Une dégradation silencieuse mais réelle de la santé des Français
Depuis plusieurs années, les indicateurs de santé virent au rouge. L’espérance de vie en bonne santé recule depuis 2021, tandis que la mortalité infantile augmente continuellement depuis quinze ans. Pour les médecins libéraux, ces chiffres ne sont pas une fatalité mais la conséquence directe de choix politiques successifs privilégiant une approche strictement comptable de la santé.
Longtemps, les gouvernements ont procédé à des réductions progressives des budgets. Aujourd’hui, avec le PLFSS 2026, le monde médical parle d’un changement d’échelle : ce n’est plus un rabotage, mais une coupe franche dans les moyens alloués aux soins.
Trois mesures qui inquiètent directement les patients
Derrière la technicité budgétaire, les médecins souhaitent alerter les citoyens sur des mesures concrètes qui impacteront leur quotidien.
La première concerne le pouvoir accru de l’Assurance Maladie, qui pourrait décider seule de baisser le remboursement de certains actes ou examens. Une telle décision fragiliserait les cabinets de proximité et créerait une incertitude financière pour les patients comme pour les soignants.
La seconde touche au cœur même de la relation médecin-patient. Le plafonnement automatique des arrêts de travail, fondé sur des statistiques, remet en cause l’indépendance médicale. Pour les praticiens, remplacer le diagnostic clinique par un algorithme constitue une rupture grave de confiance.
Enfin, le dispositif « France Santé », encore flou et imposé sans concertation locale, fait craindre un démantèlement des organisations territoriales existantes, pourtant essentielles pour gérer les urgences et coordonner les soins.
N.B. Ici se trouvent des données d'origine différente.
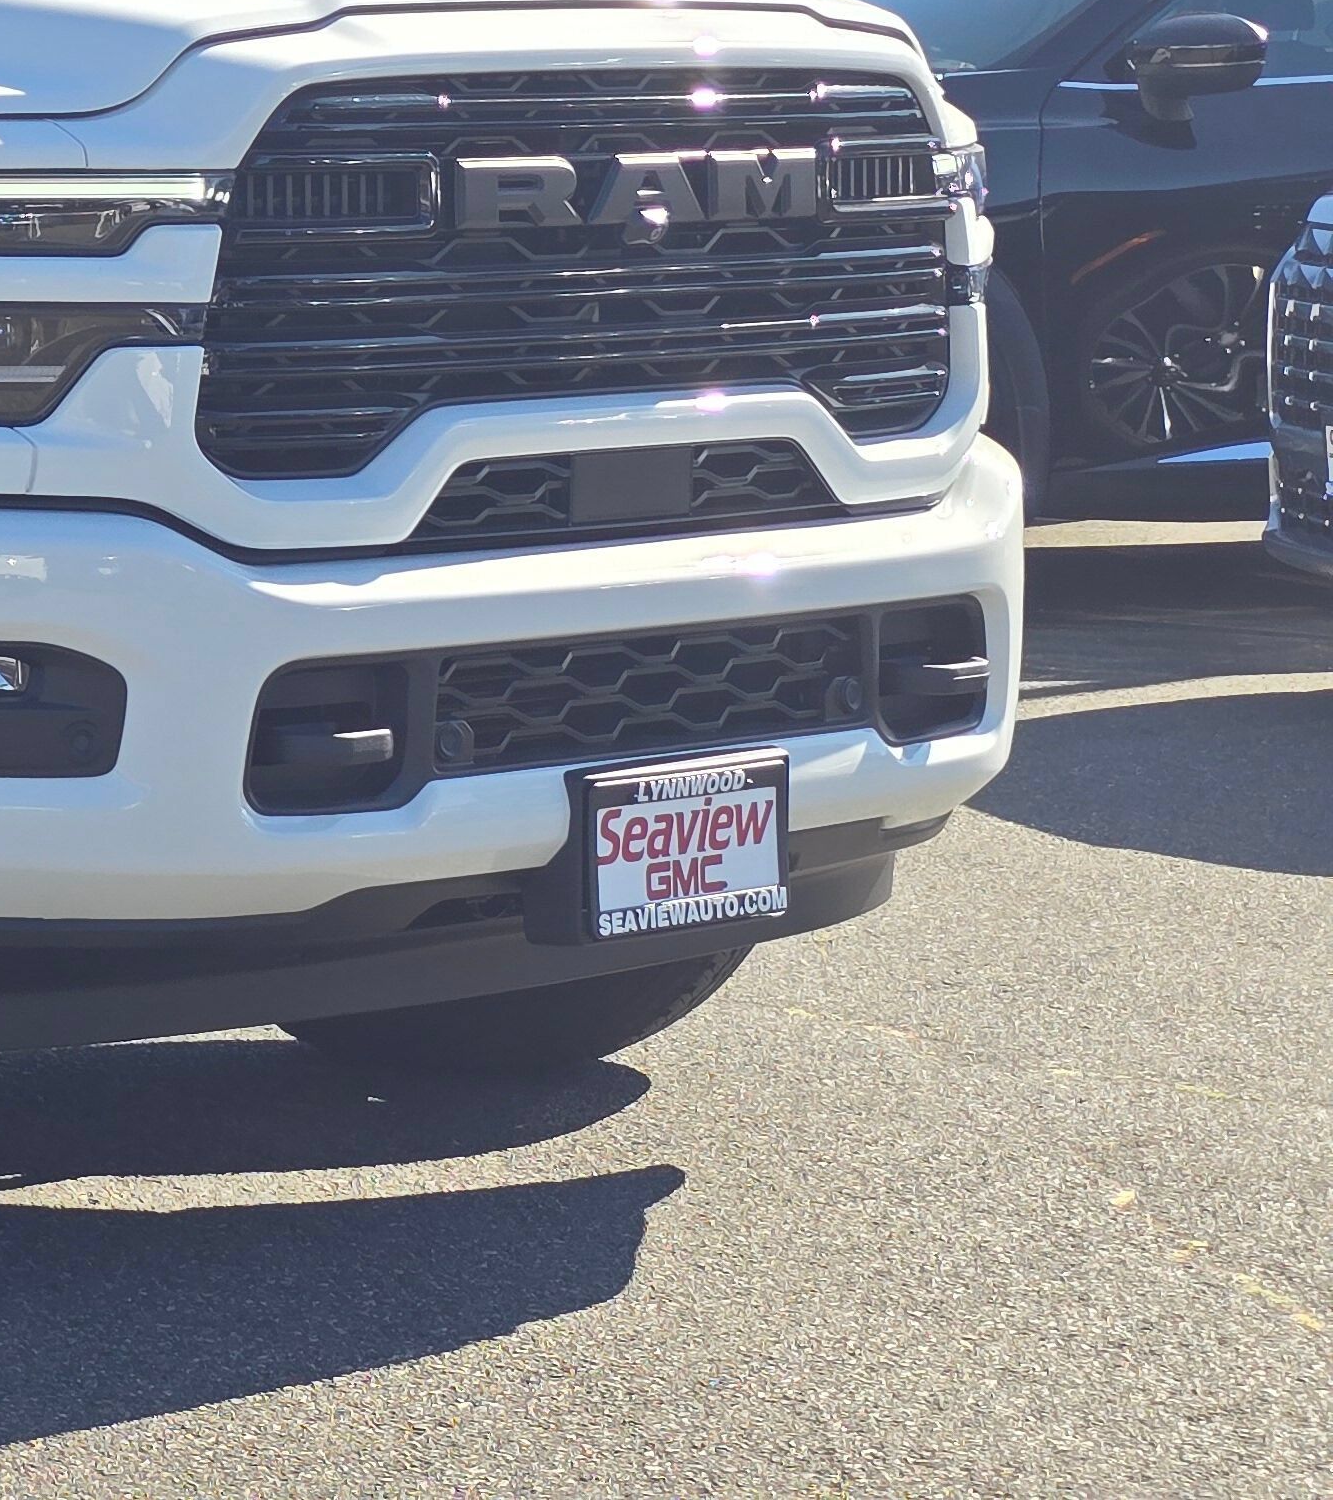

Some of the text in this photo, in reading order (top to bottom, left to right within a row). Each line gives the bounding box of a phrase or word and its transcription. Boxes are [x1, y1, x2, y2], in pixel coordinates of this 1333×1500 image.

Un système de soins sous tension extrême
Cette mobilisation intervient dans un contexte déjà critique. Les hôpitaux publics traversent une crise profonde, près de la moitié des cliniques privées sont déficitaires, et les cabinets libéraux subissent à leur tour des retards de paiement et des tarifs qui ne couvrent plus leurs charges réelles : loyers, assurances, matériel médical, salaires du personnel.
Pour les médecins, le risque est clair : si les cabinets ferment ou réduisent leur activité, ce sont des milliers de patients qui verront leur accès aux soins se dégrader, notamment en zones rurales et semi-urbaines.
Une mobilisation pour défendre un bien commun
« La santé des Français ne peut plus être la variable d’ajustement de l’instabilité politique », rappellent les représentants des médecins libéraux. Le 5 janvier, ils appellent citoyens et patients à comprendre que ce combat dépasse leurs conditions de travail : il concerne un système de santé financé collectivement, par les cotisations de tous.
À travers cette mobilisation, les médecins libéraux de Bourgogne-Franche-Comté défendent un modèle fondé sur la proximité, la qualité des soins et la liberté de choix du patient. Un message clair : la santé n’est pas une ligne budgétaire, mais un pilier essentiel de la cohésion sociale.